Rússia acusa OTAN de transformar o Ártico em nova 'frente de confronto' com militarização

Chanceler russo, Sergey Lavrov, afirmou que a militarização da região aumenta os riscos de incidentes e ameaça a segurança da Rússia.

O ministro das Relações Exteriores da Rússia, Sergey Lavrov, acusou neste domingo (30) países da OTAN e outras nações ocidentais de buscar transformar o Ártico em uma nova "frente de confronto", em artigo publicado pelo portal arctic.ru. No texto, expõe que a aliança militariza a região e cria novos focos de tensão.

Lavrov citou o lançamento, em fevereiro de 2026, de uma operação destinada a ampliar a presença militar da OTAN nas altas latitudes. O chanceler afirmou que exercícios militares de grande escala e mudanças na estrutura de comando da aliança ocorrem nas proximidades das fronteiras setentrionais russas.

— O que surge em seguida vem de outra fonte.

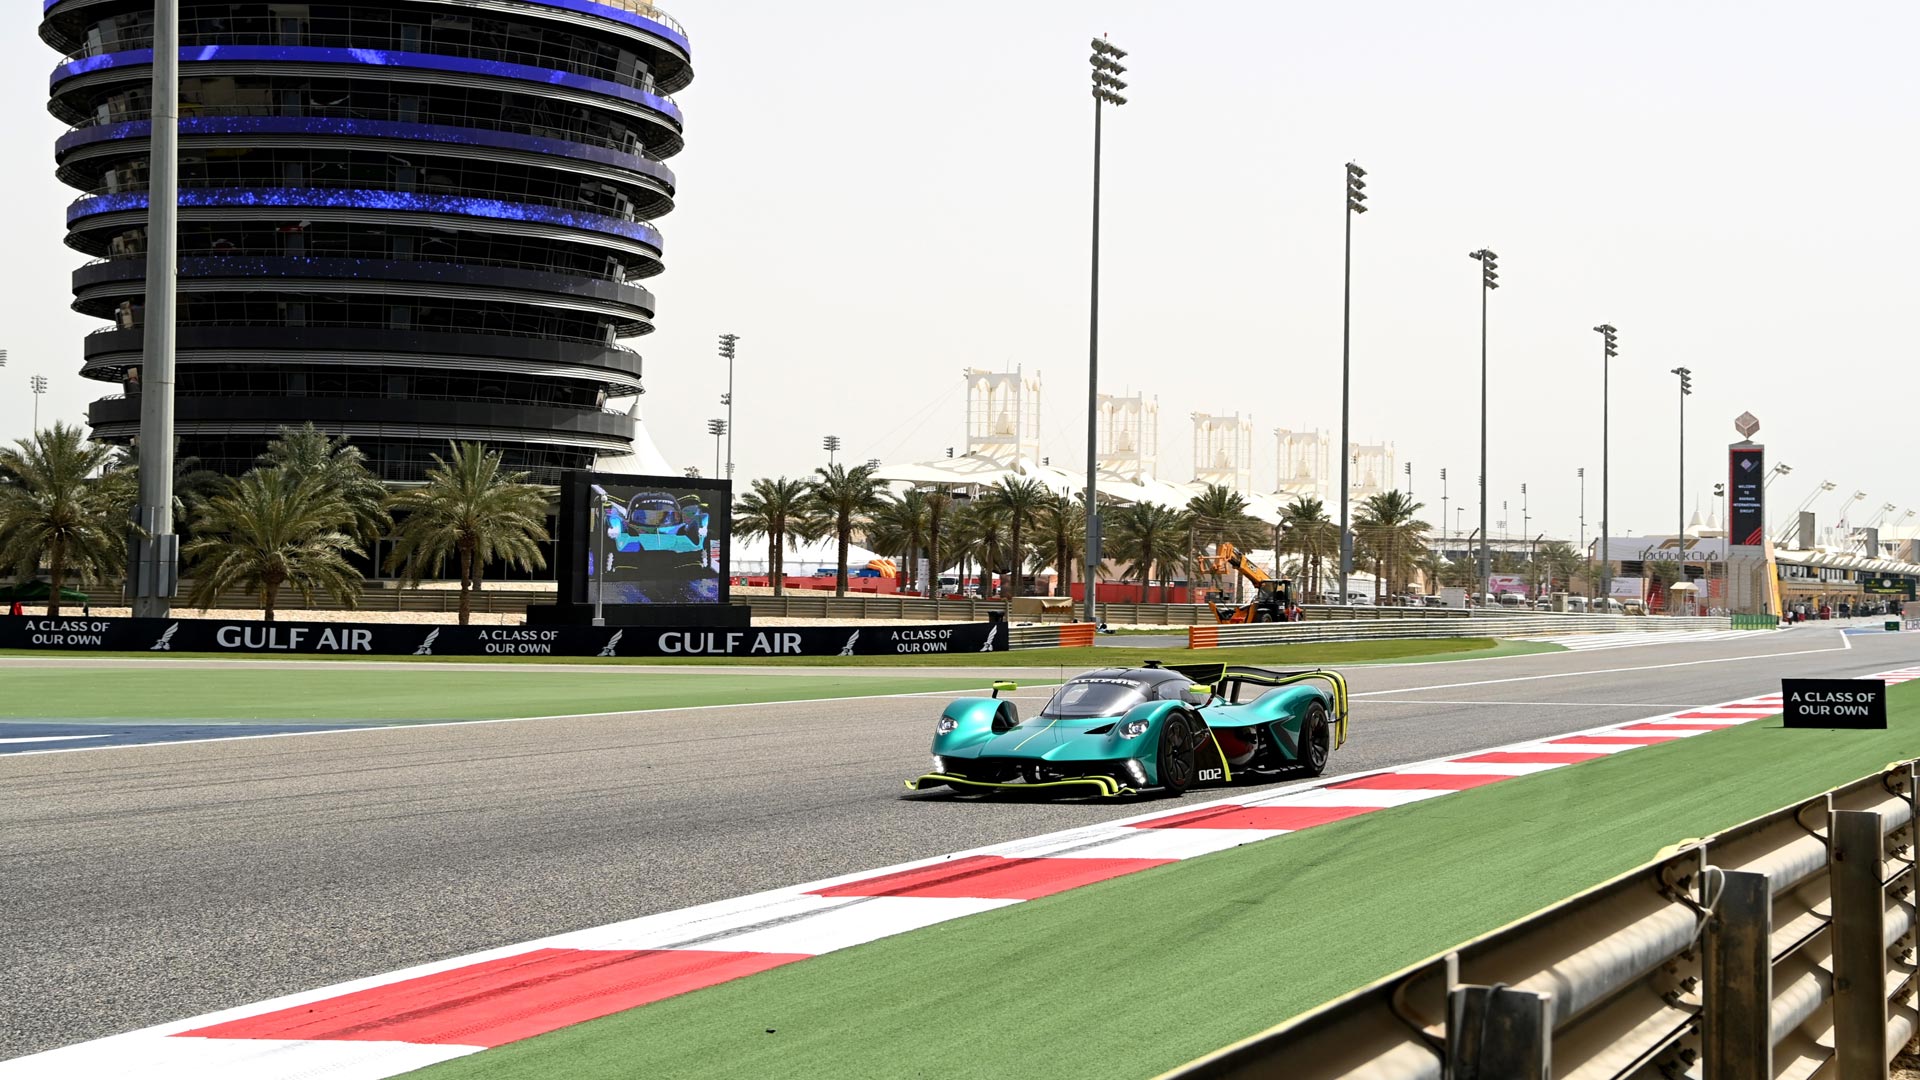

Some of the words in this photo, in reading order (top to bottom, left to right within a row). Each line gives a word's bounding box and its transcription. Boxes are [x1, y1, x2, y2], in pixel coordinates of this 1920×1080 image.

[1692, 550, 1718, 561] Club
[25, 620, 36, 631] A
[39, 620, 88, 632] CLASS
[90, 622, 111, 632] OF
[32, 633, 64, 644] OUR
[67, 634, 102, 646] OWN
[216, 625, 309, 649] GULF
[316, 627, 372, 651] AIR
[478, 629, 489, 640] A
[491, 630, 538, 641] CLASS
[540, 630, 558, 641] OF
[891, 631, 900, 640] A
[902, 630, 937, 640] CLASS
[938, 629, 953, 639] OF
[485, 643, 515, 653] OUR
[518, 643, 551, 654] OWN
[658, 631, 744, 654] GULF
[750, 631, 802, 654] AIR
[896, 642, 921, 653] OUR
[923, 642, 947, 652] OWN
[1790, 691, 1802, 702] A
[1804, 691, 1854, 703] CLASS
[1856, 692, 1876, 703] OF
[1798, 704, 1830, 716] OUR
[1833, 705, 1869, 716] OWN
[1198, 768, 1222, 781] 002

Para Lavrov, a atividade "cria ameaças diretas para a segurança russa" e aumenta "os riscos de incidentes que poderiam provocar um confronto armado com consequências potencialmente catastróficas".

Cooperação no Ártico

O ministro também criticou sanções contra entidades e pessoas envolvidas em projetos na região e afirmou que países ocidentais bloquearam mecanismos de cooperação multilateral no Extremo Norte.

Segundo ele, o Conselho Ártico é atualmente "o único formato intergovernamental que se conserva".

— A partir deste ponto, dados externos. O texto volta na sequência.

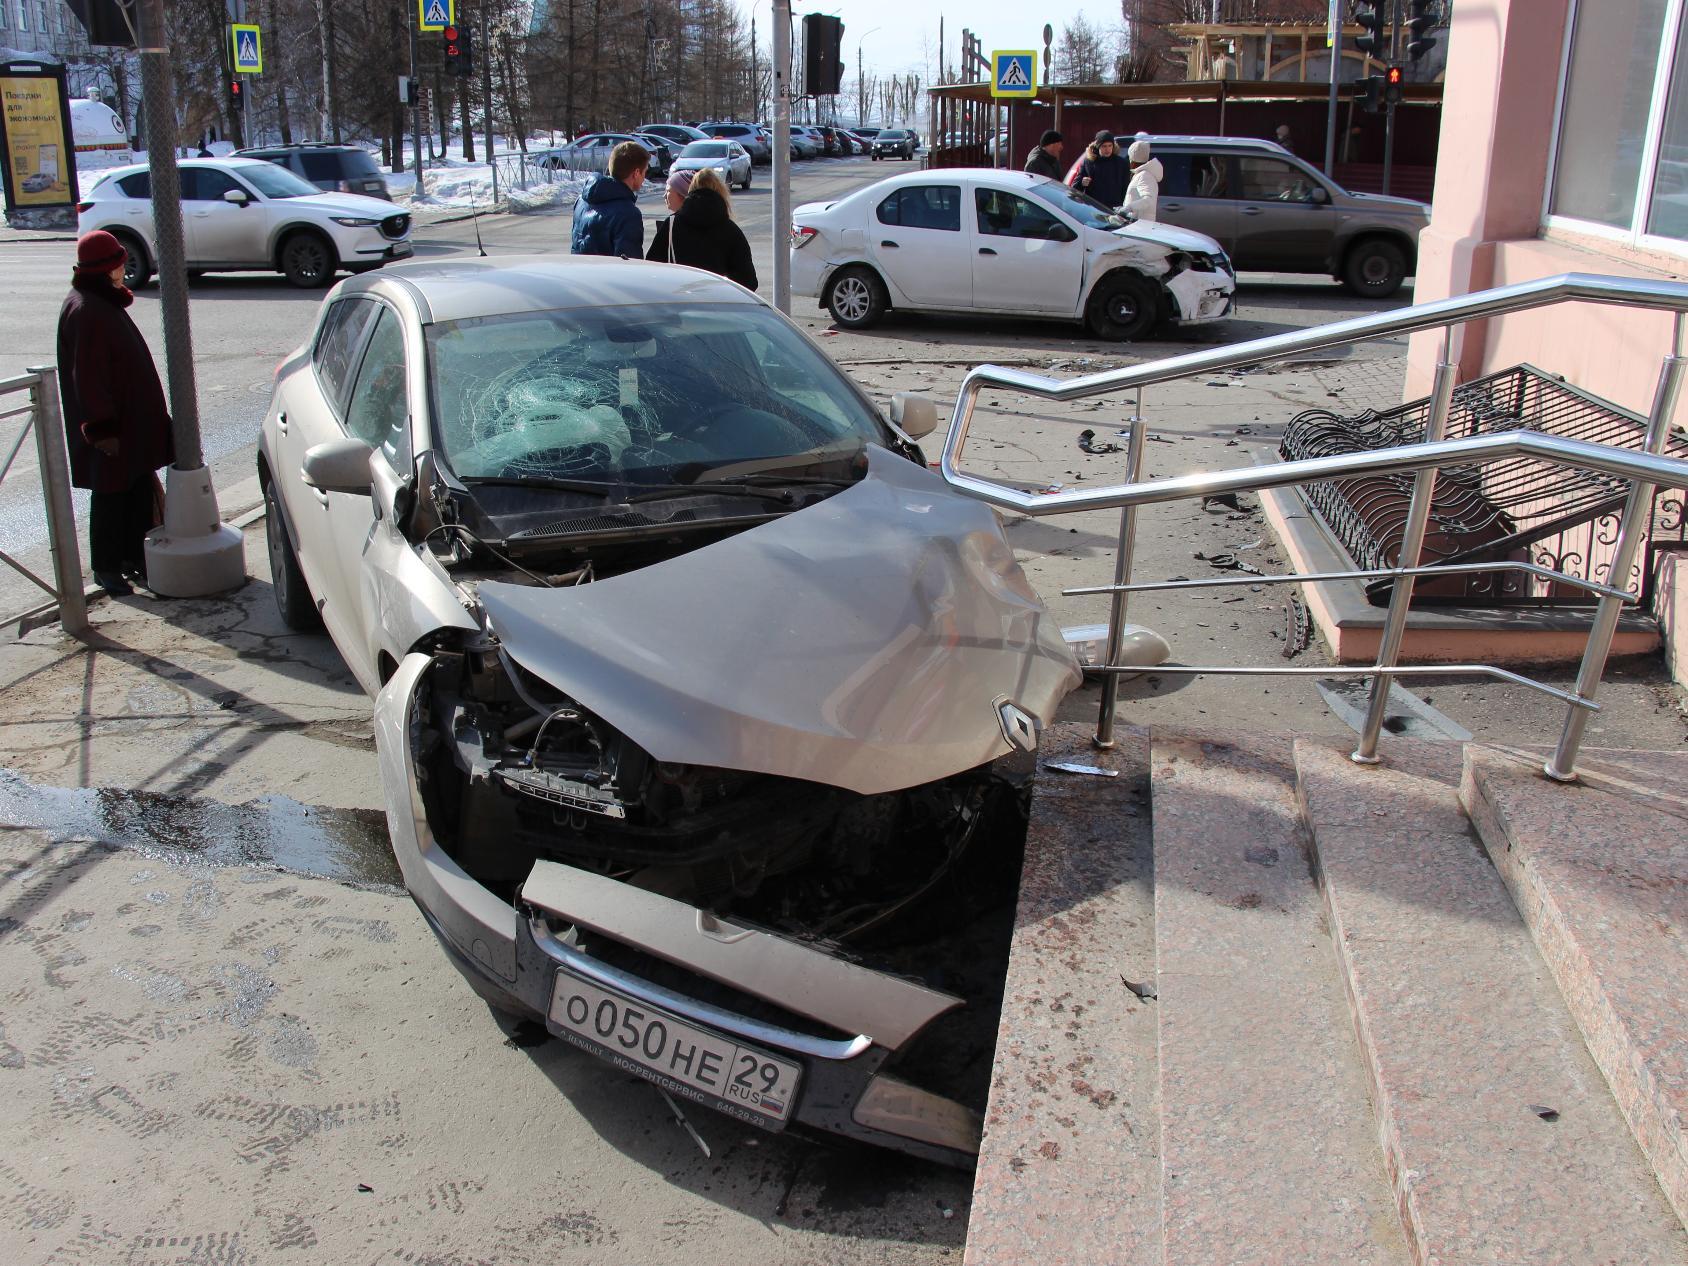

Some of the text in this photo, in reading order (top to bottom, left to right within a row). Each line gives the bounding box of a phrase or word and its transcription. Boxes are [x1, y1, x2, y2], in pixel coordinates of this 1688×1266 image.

[7, 104, 23, 112] для
[9, 114, 56, 122] экономных
[568, 1034, 602, 1056] RENAULT
[613, 1055, 705, 1103] МОСРЕНТСЕРВИС
[734, 1054, 779, 1093] 29
[729, 1084, 760, 1104] RUS

Lavrov declarou ainda que "o diálogo com a Rússia na linguagem das sanções e das ameaças não tem futuro" e afirmou que Moscou responderá às ações que considerar hostis, inclusive com medidas "assimétricas".

"A Rússia prefere o diálogo construtivo em qualquer região do mundo, mas, em caso necessário, nossos interesses nacionais serão protegidos por todos os meios disponíveis", afirmou.